Theater group seeks city lease deal to stay in business
Thursday, February 9, 2017 by
Chad Swiatecki
A nonprofit theater group hopes to tap into the city of Austin’s recent focus on preserving creative spaces within the city and get a new home for experimental fine arts in the process.
Representatives of the Rude Mechanicals (or “Rude Mechs”) theater collective presented a request to the Music Commission on Monday, asking for that group’s help in lobbying the city for a short-term, below-market lease on idle city-owned property. The draft request explained that the group’s $4,000-per-month lease on its Off Center theater space in East Austin expires in May and rising rents are forcing it to look for a new home.
Alexandra Bassett, managing director for Rude Mechs, said spaces comparable to the current 10,000-square-foot facility will cost about $10,000 per month and are well beyond what Rude Mechs’ annual budget of $250,000 to $350,000 will allow.
That budget – which comes from a mix of cultural arts funding from the city; grants from the National Endowment for the Arts and other organizations; donors; and operational revenue – is spent on rent, production costs and compensation for artists with very little left over each year.
The group presented the same request to the city’s Arts Commission in January, but no action was taken.
At Monday’s meeting, music commissioners discussed adopting the language as submitted to forward on to City Council, but instead opted to add the issue as an agenda item to its March meeting and requested that the city’s Real Estate Office send a representative to the meeting to discuss possible options for Rude Mechs and other distressed nonprofits.
There appears to be no formal process for nonprofits that demonstrate substantial community value to engage the city for real estate aid. Bassett and Thomas Graves, an artistic director for the group, pointed to favorable land deals using city property for Skillpoint Alliance’s headquarters on Bolm Road and Airport Boulevard and the Yellow Bike Project’s Webberville Road location as examples they’d like to see replicated for their group.
The issue is also likely to receive plenty of discussion in late March when the Music and Arts commissions hold a joint meeting to discuss issues both groups can work together on.
Bassett and Graves said they’ve identified at least five city-owned properties that are either vacant industrial buildings or open land that could house another 10,000-square-foot facility but are open to any available options that will keep them operating.
If Rude Mechs is forced to scale back or go dark when its lease ends, it would be the second experimental theater company in a year forced out of existence by Austin’s rising land values. Last summer its east side neighbor, Salvage Vanguard Theater – another 10,000-square-foot production company – closed its doors after losing its lease.
“When the city loses these spaces and venues for emerging artists, then there are people who don’t have an opportunity to be part of the ecosystem. And if that goes on long enough, then all the art presented in the city will be coming in from outside,” Bassett said. “Our business model was OK until the rents started getting hiked, and any solution will require some creativity and sacrifice.”

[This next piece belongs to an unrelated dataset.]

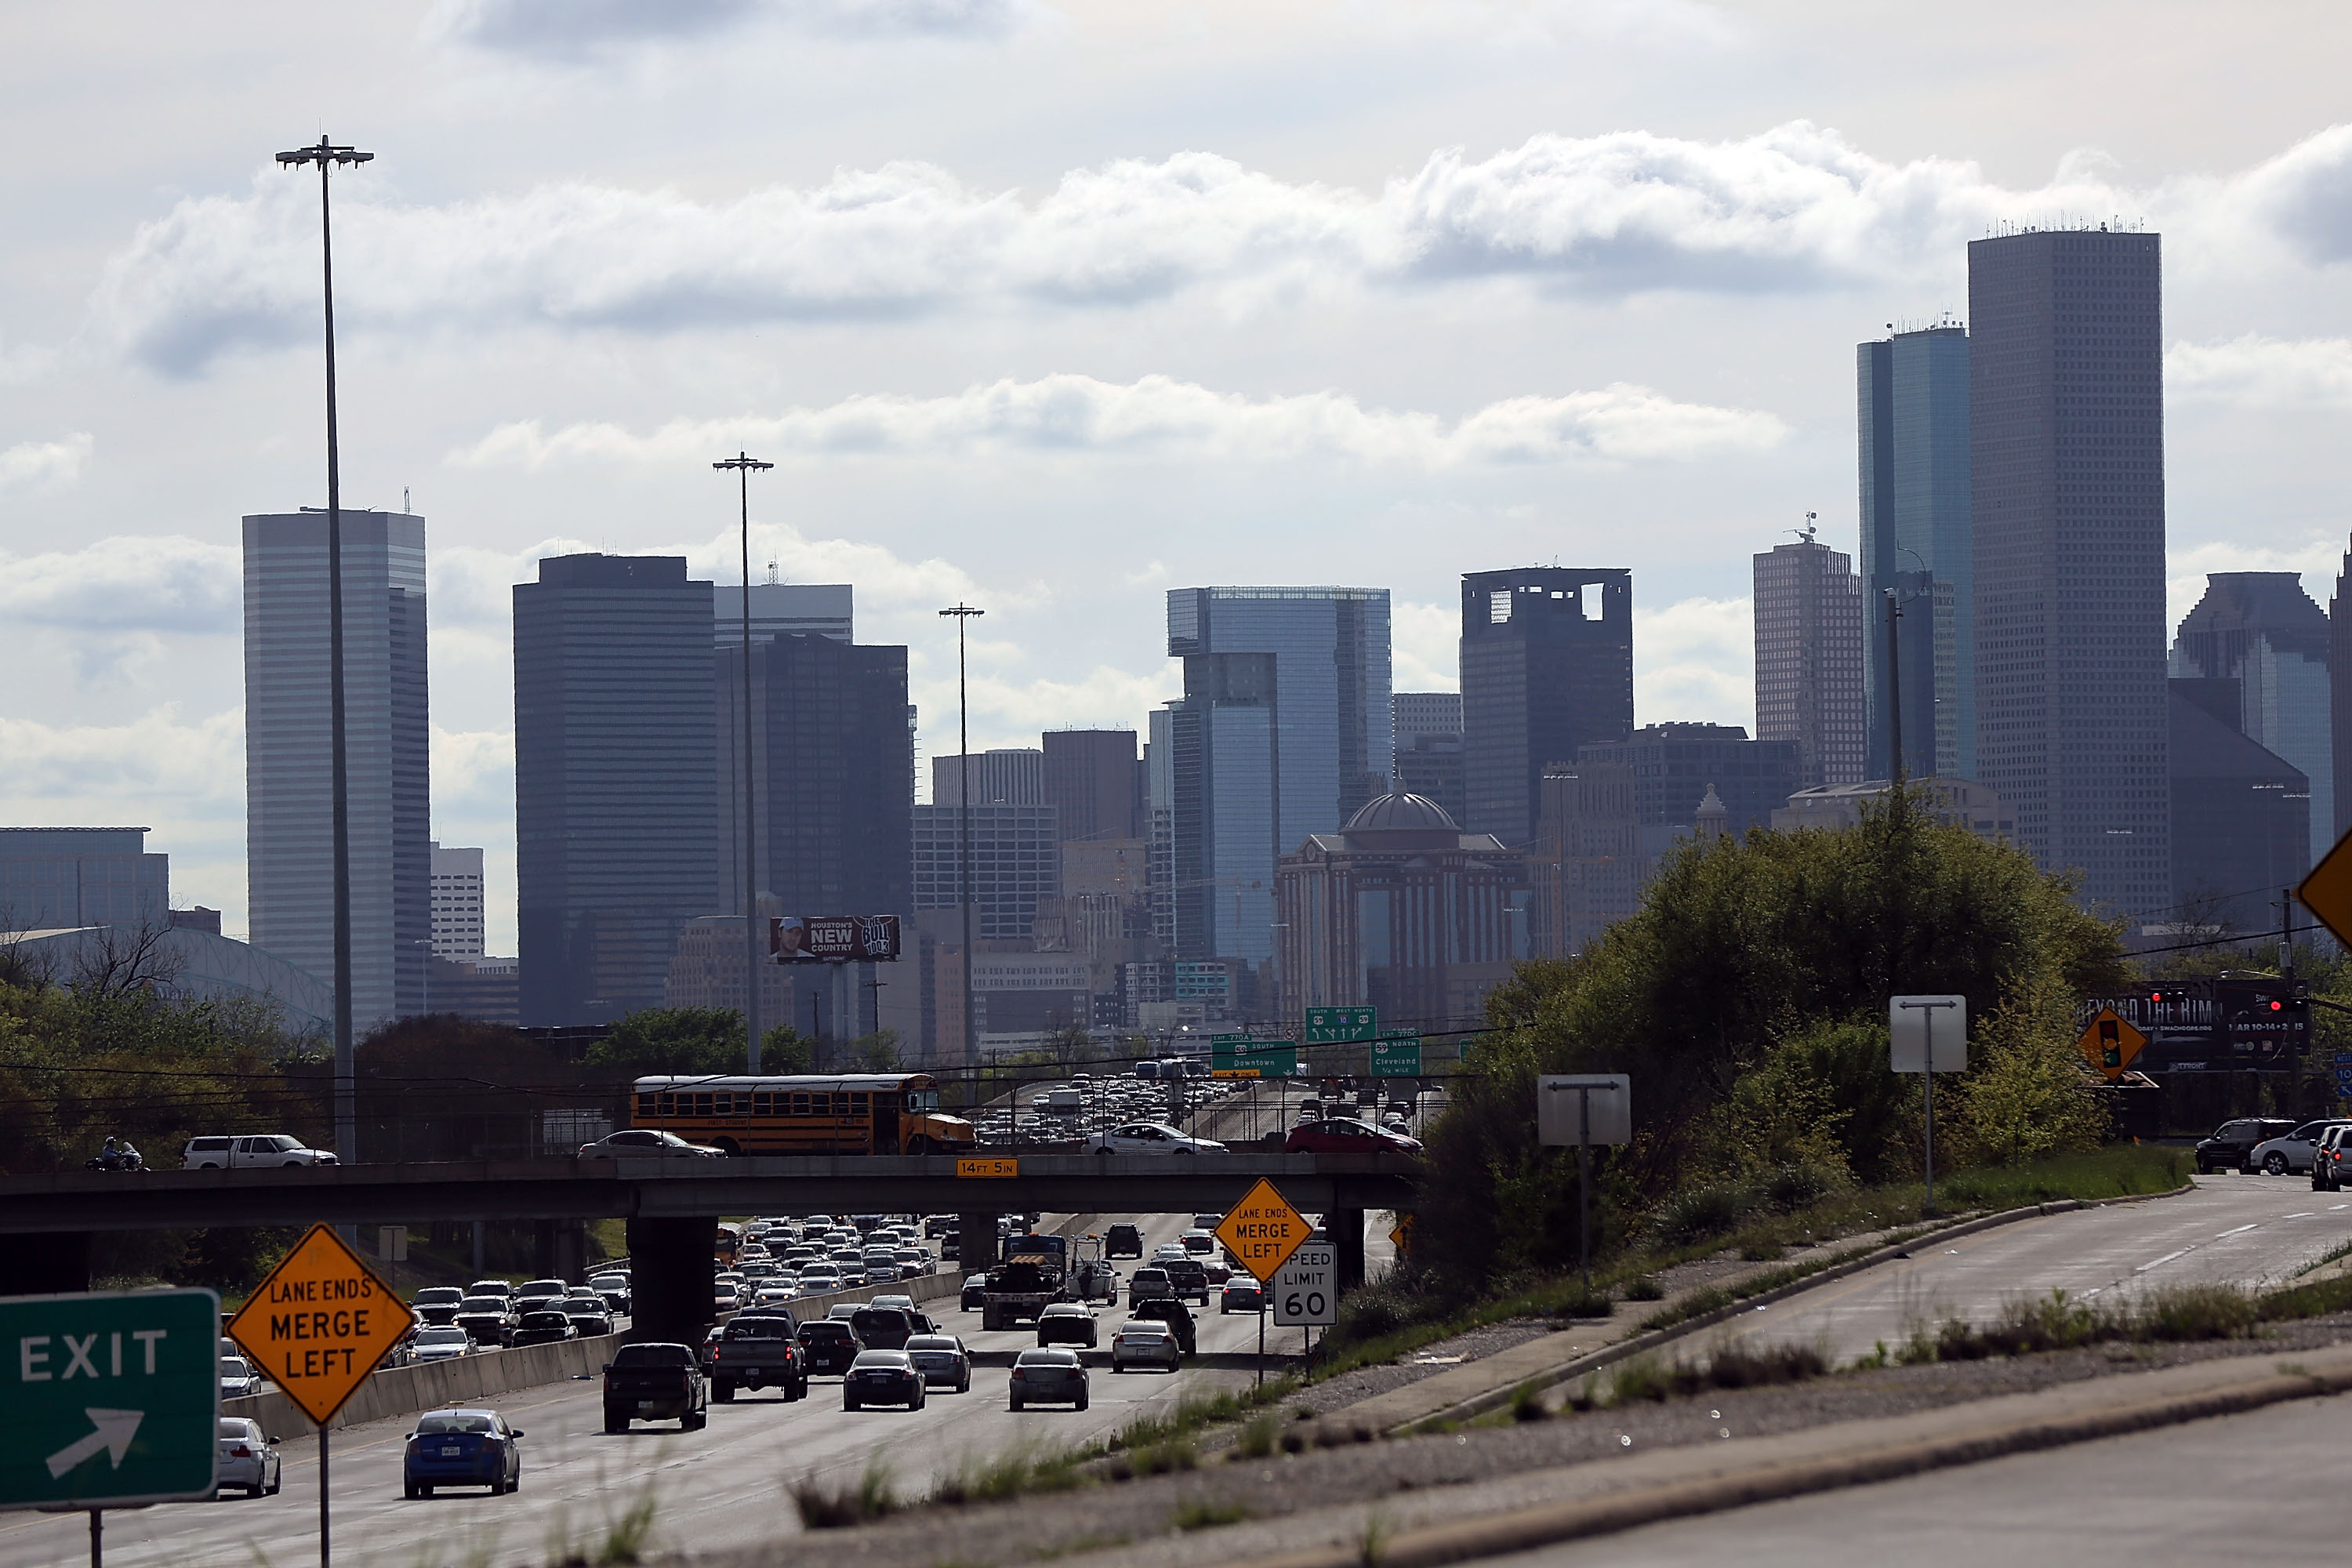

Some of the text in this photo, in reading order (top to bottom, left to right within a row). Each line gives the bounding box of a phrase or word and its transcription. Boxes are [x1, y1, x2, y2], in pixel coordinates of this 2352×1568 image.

Bassett said she and other Rude Mechs managers have started work with a theater construction consultant to look at the group’s options for different property scenarios and are in the early stages of determining what kind of capital campaign would be needed for construction or renovation of a new facility.
In 2016, the Off Center featured 121 independent productions by local artists in theater, dance and music. The property also provided studio space to local artists.
Fine-arts supporters in Austin have pointed to the loss of creative spaces as a symptom of the city’s explosive population growth.
Many have called for the city’s next land development code to include incentives and provisions that will entice developers to incorporate music venues, small theaters and other creative spaces into the ground-floor space of mixed-use developments. And, just yesterday, several Council members announced a plan to revamp the city’s economic incentive programs. That plan includes asking the city manager to explore options for “increased availability of affordable commercial space for local small businesses, including the creative arts sector.”
A previous version of this article said the Off Center hosted 121 programming days in 2016, when in fact they hosted 121 different independent theater, dance and music productions from local artists.